═══ Dataset content ═══
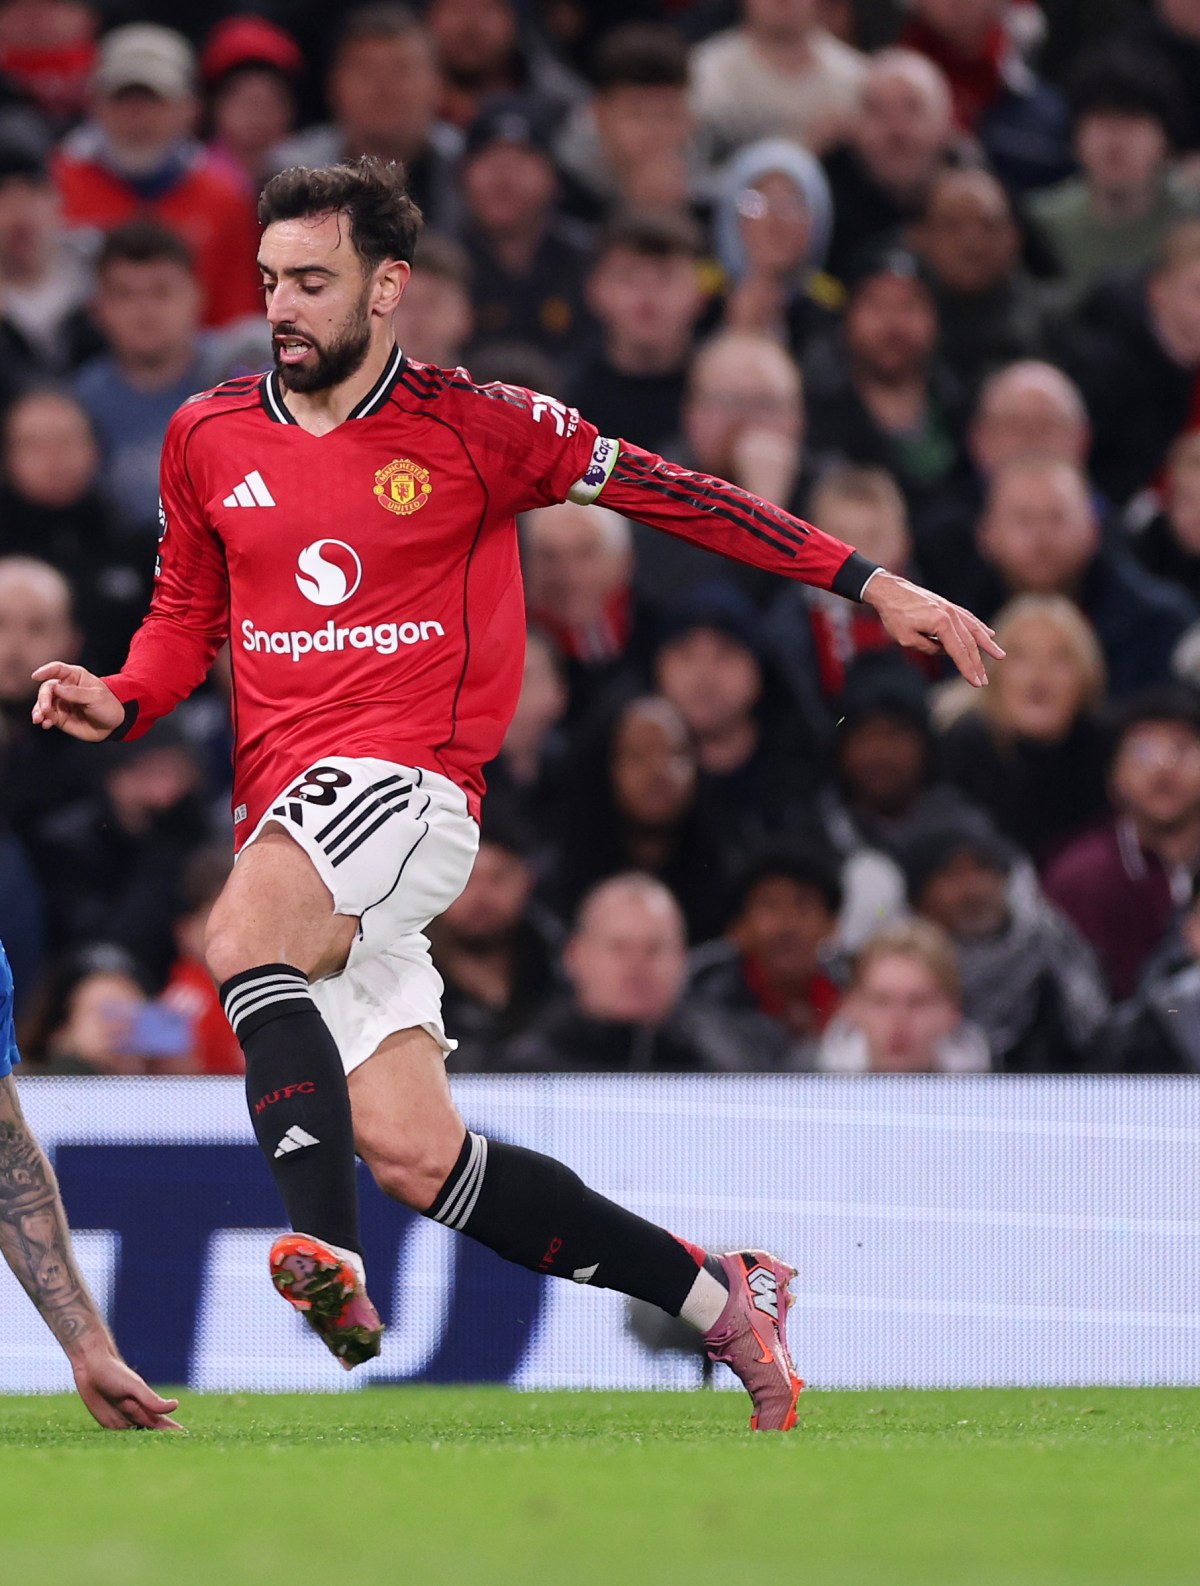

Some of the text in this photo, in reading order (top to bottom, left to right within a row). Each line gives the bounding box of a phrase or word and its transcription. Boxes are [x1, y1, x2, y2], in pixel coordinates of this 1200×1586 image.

[592, 437, 615, 464] Cap
[379, 463, 426, 481] MANCHESTER
[387, 501, 420, 511] UNITED
[241, 620, 445, 662] Snapdragon
[286, 766, 352, 806] 8
[254, 1080, 316, 1115] MUFC
═══
- What the exercise asks:
Exact copy, no pictures: set down all the entries again as they stand.

- Response area:
Some of the text in this photo, in reading order (top to bottom, left to right within a row). Each line gives the bounding box of a phrase or word and its transcription. Boxes are [x1, y1, x2, y2], in pixel coordinates of this 1200×1586 image.

[592, 437, 615, 464] Cap
[379, 463, 426, 481] MANCHESTER
[387, 501, 420, 511] UNITED
[241, 620, 445, 662] Snapdragon
[286, 766, 352, 806] 8
[254, 1080, 316, 1115] MUFC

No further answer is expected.